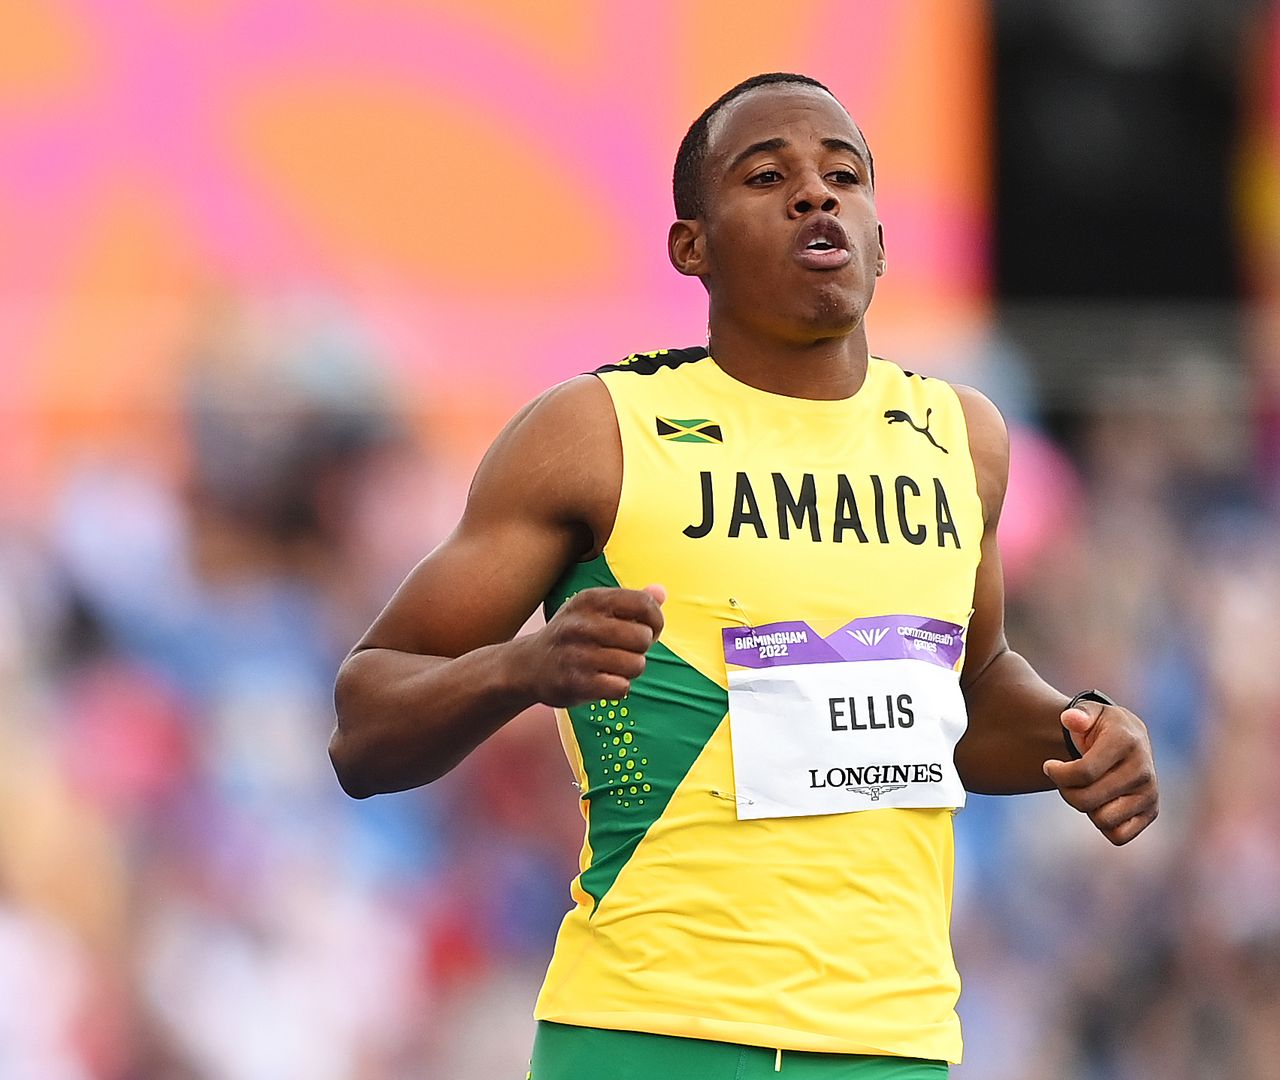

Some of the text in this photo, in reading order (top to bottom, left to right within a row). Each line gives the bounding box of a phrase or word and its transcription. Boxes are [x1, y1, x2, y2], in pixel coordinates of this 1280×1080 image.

[682, 471, 962, 550] JAMAICA
[735, 631, 808, 650] BIRMINGHAM
[759, 645, 789, 659] 2022
[828, 693, 915, 731] ELLIS
[808, 763, 943, 788] LONGINES

TASK DIRECTIONS: Omit the pictures, then print the rest of the listing above exactly.

ANSWER BOX:
Some of the text in this photo, in reading order (top to bottom, left to right within a row). Each line gives the bounding box of a phrase or word and its transcription. Boxes are [x1, y1, x2, y2], in pixel coordinates of this 1280×1080 image.

[682, 471, 962, 550] JAMAICA
[735, 631, 808, 650] BIRMINGHAM
[759, 645, 789, 659] 2022
[828, 693, 915, 731] ELLIS
[808, 763, 943, 788] LONGINES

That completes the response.